Once you are at camp four on the South Col you have about eight hours to rest your body, drink and eat as much as possible even though, at 8000m, that’s the last thing you feel like. If lucky, you will be able to sleep a little. Then, as you leave around 9PM for the final push to the summit, the odds of survival start to plummit. A huge 82 per cent of deaths since 1982 have occurred during the final push to reach the summit and on the descent. The secret to minimising the odds is speed. It should take between nine and 12 hours – at the very most 13. That’s one of the main reasons for the cut-off time and turn around point. The problem is that with very few days of suitable weather windows and the huge amount of expedition members and Sherpas on the slopes, a bottle neck forms, slowing everyone down to a shuffle and forcing a lot of waiting. One climber told how he would sit for a 20-minute power nap at such times. Throw in -25°C temperatures, add winds to the mix and the cause of so much angst on the mountain becomes apparent.


Not all accidents are fatal. One expedition member had an uncontrollable bowel emergency during the night of his summit push. Something in the class two diarrhoea category. With muffled yells through his oxygen masks to his friend behind of “Get my pants down. Quick, get them down!” his friend tried with bulky mitts to get the four layers free. Before: “Oh shit it’s too late.” He continued onto the summit and down again with the mess in his pants.

With fixed ropes all the way to the summit from base camp, everyone clips in with an ascender for safety in case they fall. Near the Hilary Step there are up to 50 people clipped in at once to a nine-millimetre rope, which has just one anchor point. The rope is sometimes rubbing over rock, causing abrasions and there is a 2000-metre drop on both sides.
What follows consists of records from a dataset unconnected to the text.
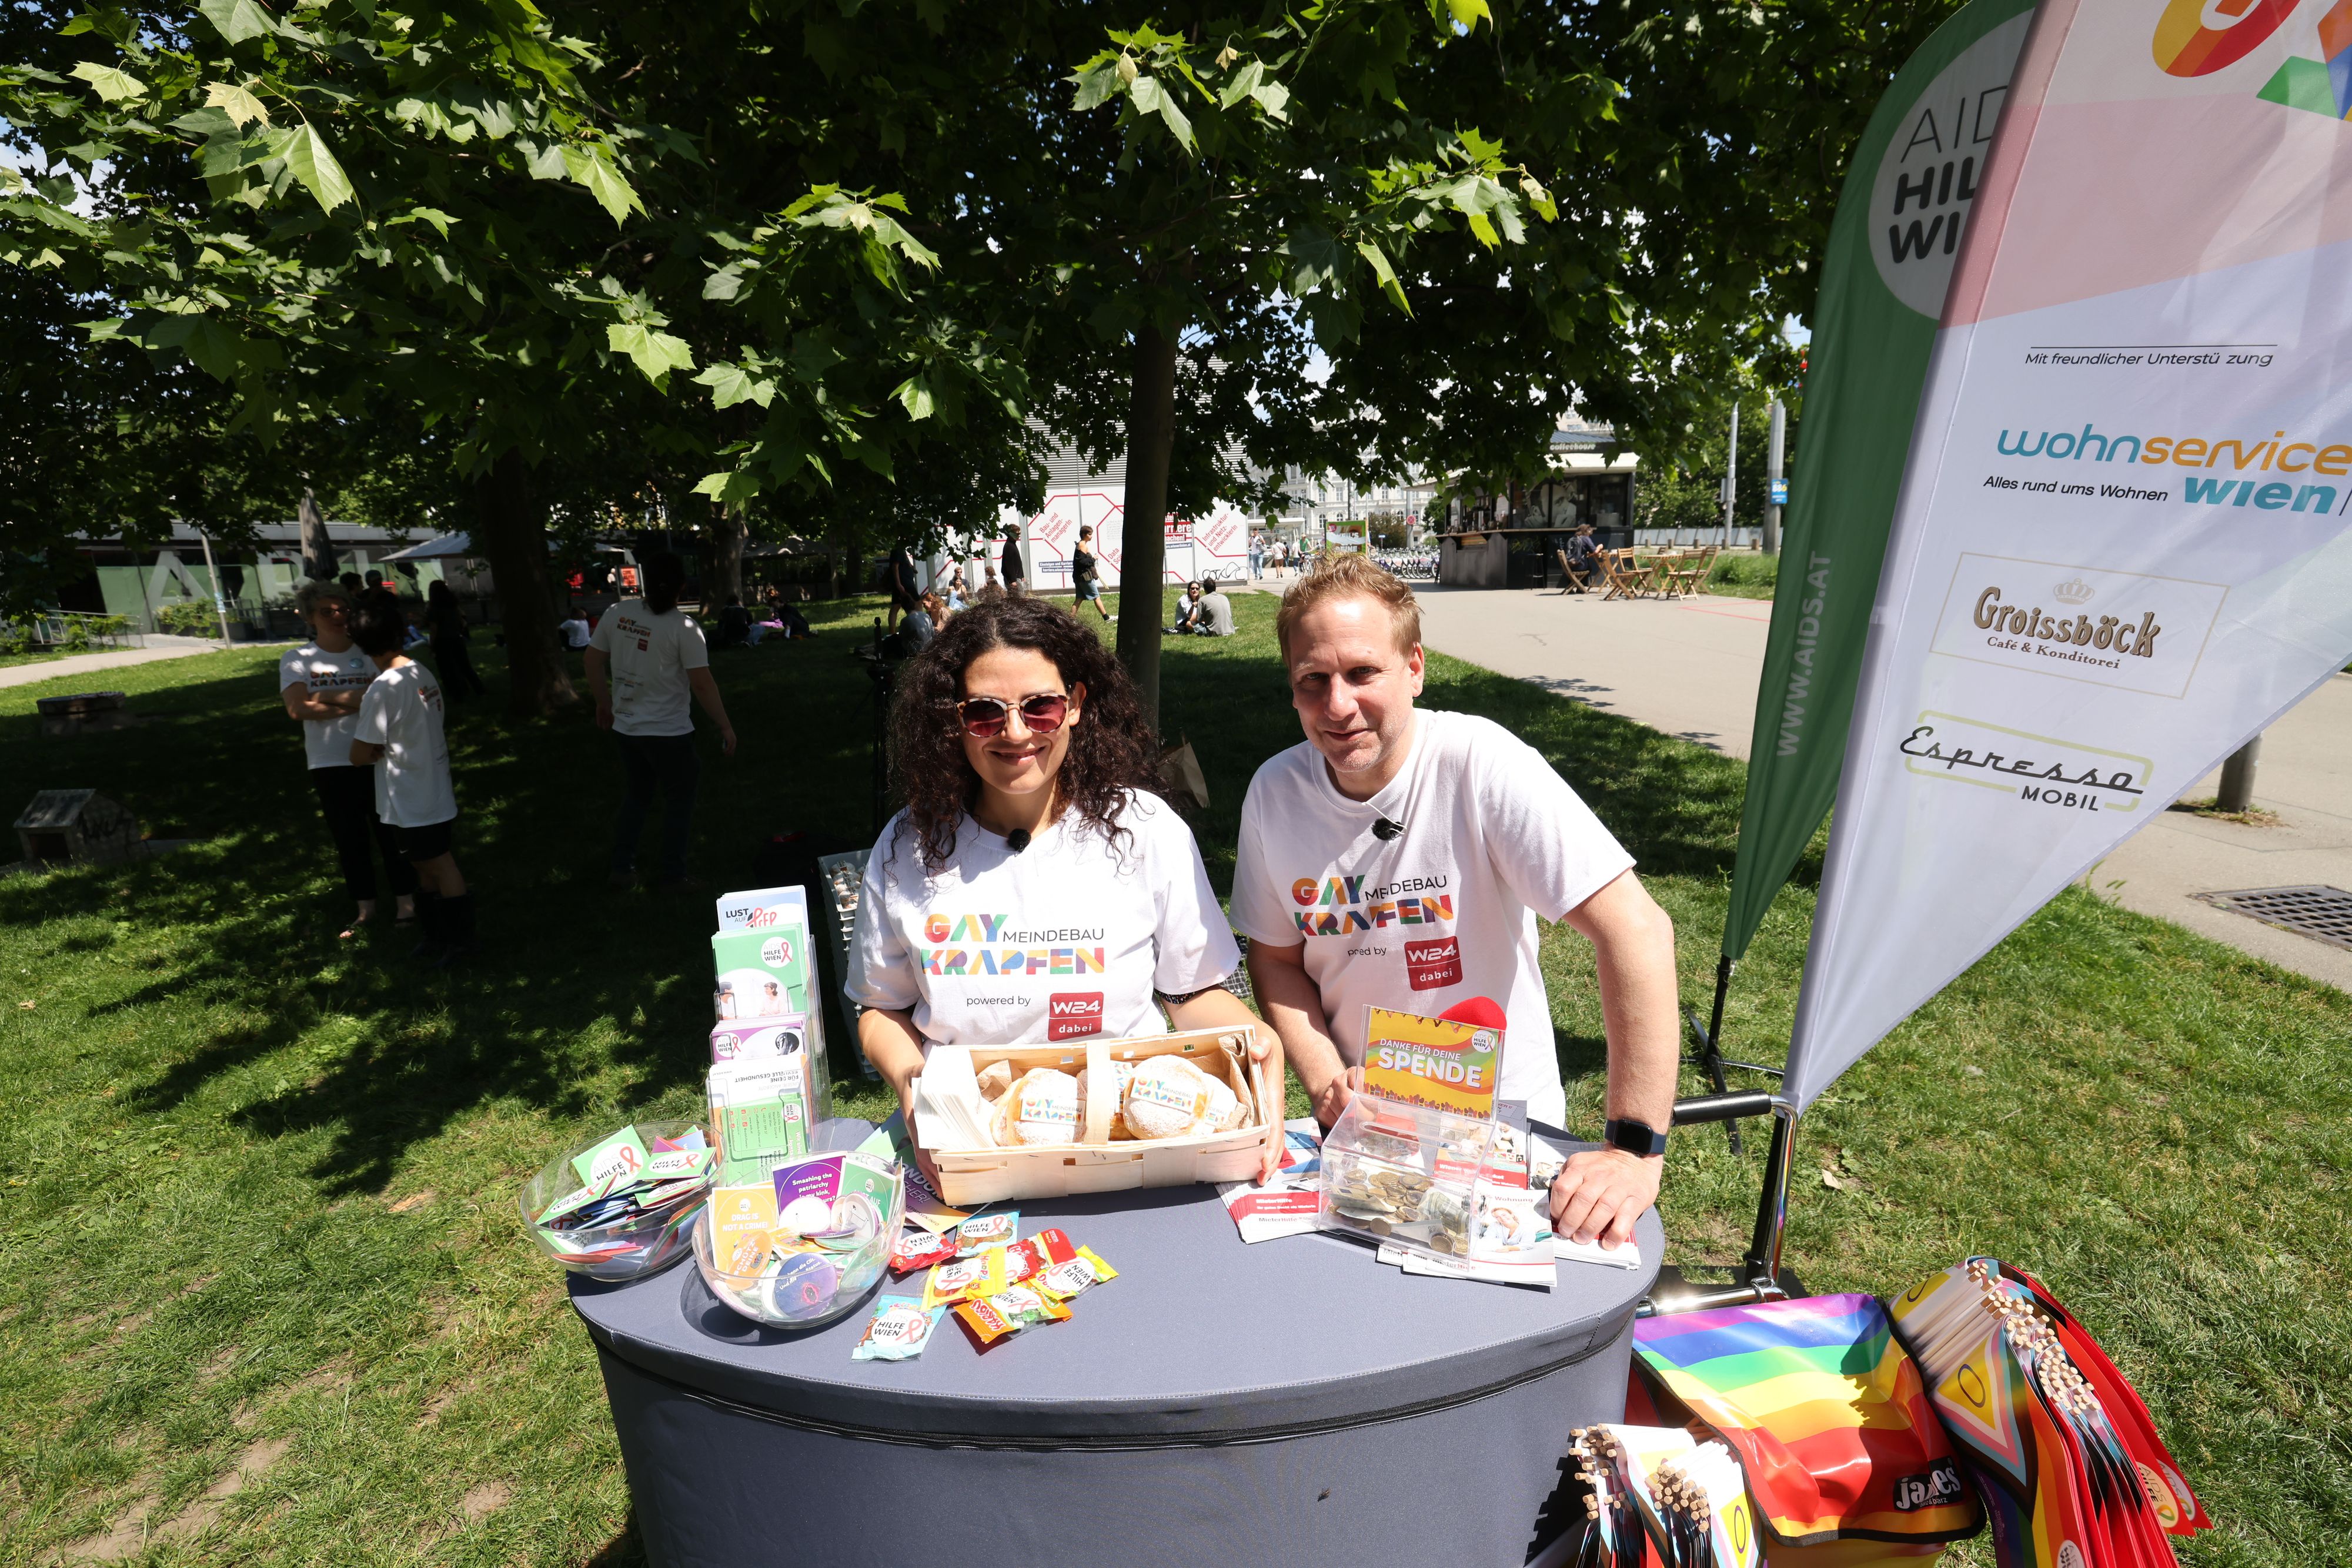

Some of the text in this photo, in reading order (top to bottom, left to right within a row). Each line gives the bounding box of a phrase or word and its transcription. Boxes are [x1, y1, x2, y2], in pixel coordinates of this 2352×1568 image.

[1893, 156, 1978, 215] HIL
[1889, 211, 1961, 264] WI
[2024, 353, 2047, 365] Mit
[2051, 352, 2141, 366] freundlicher
[1983, 476, 2337, 515] Alles rund ums Wohnen wien
[1040, 513, 1059, 533] Bau- und
[1045, 519, 1063, 539] Anlagen-
[1202, 513, 1229, 541] Infrastruktur-
[1208, 525, 1228, 546] und Netz-
[1108, 548, 1120, 559] Data
[1973, 586, 2161, 658] Groissböck
[1776, 550, 1830, 757] WWW.AIDS.AT
[1986, 636, 2120, 670] Café & Konditorei
[1899, 726, 2144, 795] Espresso
[2021, 786, 2099, 812] MOBIL
[1291, 874, 1366, 907] GAY
[726, 908, 749, 918] LUST
[924, 913, 1105, 944] GAY MEINDEBAU
[920, 947, 1105, 975] KRAPFEN
[1374, 947, 1387, 957] by
[1407, 944, 1457, 962] W24
[1419, 968, 1454, 982] dabei
[965, 995, 1031, 1007] powered by
[1051, 1001, 1101, 1015] W24
[1058, 1023, 1092, 1035] dabei
[1379, 1038, 1461, 1062] DANKE FÜR DEINE
[1378, 1048, 1483, 1088] SPENDE
[734, 1072, 770, 1083] GESUNDHEIT
[1138, 1076, 1165, 1090] GAY
[1025, 1097, 1054, 1109] GAY
[1134, 1086, 1191, 1107] KRAPFEN
[1024, 1108, 1083, 1122] KRAPFEN
[596, 1161, 624, 1181] HILFE
[792, 1175, 821, 1186] Smashing
[798, 1182, 829, 1193] patriarchy
[823, 1195, 836, 1203] urs?
[731, 1213, 751, 1222] DRAG
[722, 1223, 738, 1232] NOT
[910, 1234, 935, 1244] WIEN
[1064, 1268, 1084, 1286] HILFE
[1071, 1265, 1091, 1281] WIEN
[779, 1279, 790, 1290] Und
[970, 1298, 1006, 1331] HARIBO
[874, 1328, 901, 1336] WIEN
[2141, 1467, 2167, 1502] AIDS
Another guide who summited Everest this season said: “I could think of no other situation where I would take such a risk, as clipping onto that rope. This is where the next big accident will happen on the mountain. The anchor will come loose or the rope will break and the whole load of clipped in climbers will die.”
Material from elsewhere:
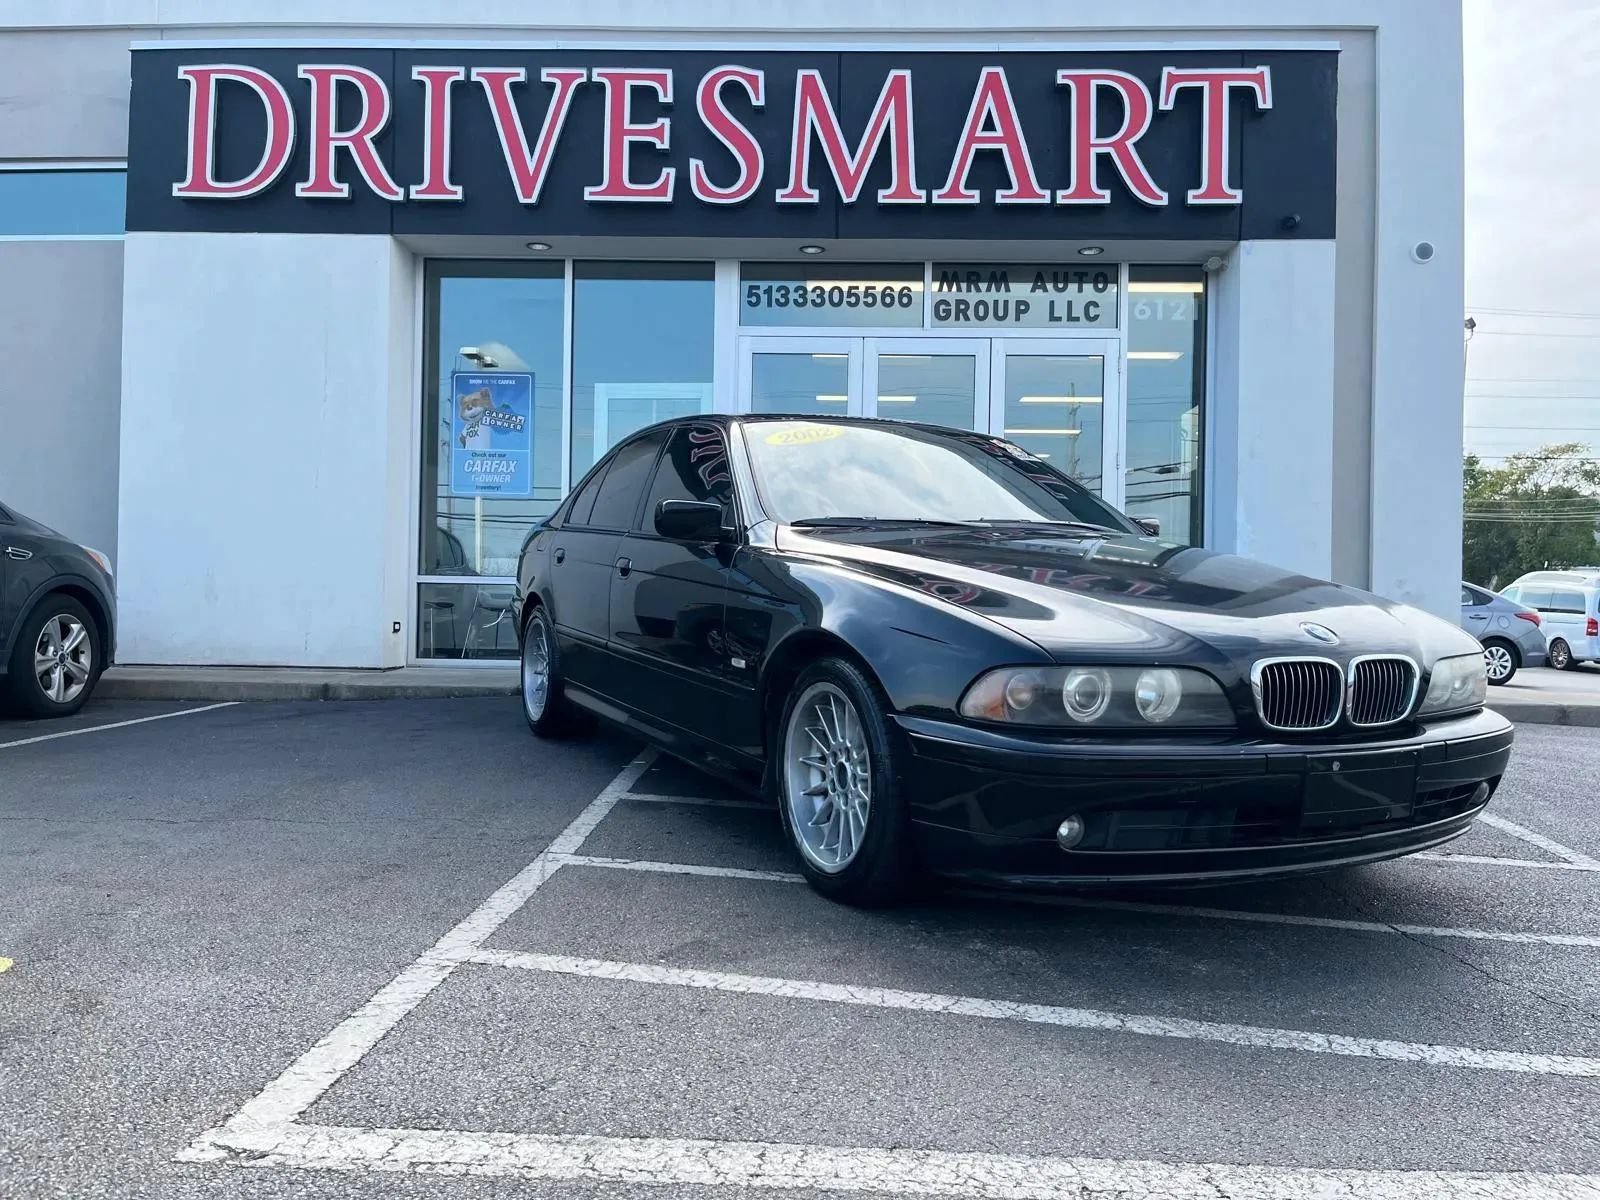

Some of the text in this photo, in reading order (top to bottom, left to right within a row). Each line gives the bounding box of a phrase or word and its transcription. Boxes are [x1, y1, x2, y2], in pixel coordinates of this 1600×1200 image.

Under the current set up, a coalition of companies contribute manpower and equipment to put in the fixed ropes at the beginning of the season. Through a self-initiated association, it is the bigger companies that do it for the good of all climbers. But many think that they need to take it a step further and drill permanent anchors into the rock. Tore even suggested two ladders at the Hillary Step, an unpopular thought with the purist, however there are already plenty of ladders used across the icefall and on the north side.
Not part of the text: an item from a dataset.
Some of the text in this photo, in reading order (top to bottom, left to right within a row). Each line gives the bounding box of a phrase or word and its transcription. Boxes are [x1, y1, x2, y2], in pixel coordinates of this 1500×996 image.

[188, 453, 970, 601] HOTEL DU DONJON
Many think that everything changed when Mt Everest went from succumbing to the exploration stage to being inundated by the commercial stage in the 1980s.

It was when the story hit the media of the slew of deaths in 1996 (when eight people died on one day and 15 in the season – resulting in Jon Krakuer’s book Into Thin Air about his experience of surviving Everest) that the world came to know popularly that Mt Everest was accessible not only to the elite climbers but also to Mr and Mrs cashed-up recreational mountaineer. While marking a tragic day in the history of mountaineering and in that of Everest, it also marked the full commericalisation of Everest and was a harbinger of the state of play today.

Some people think that you can be dragged up to the summit, with anecedotal stories abounding about the underprepared guy who made it thanks to his guides. True, sherpas may carry all your gear, so all you have is a four and a half kilogram oxygen bottle and essentials in your backpack. But a climber still needs to put one foot in front of the other to get themselves to the top. A good level of fitness, climbing skills and mental toughness is essential.

And getting to the summit is only half the story. More people die coming down than going up.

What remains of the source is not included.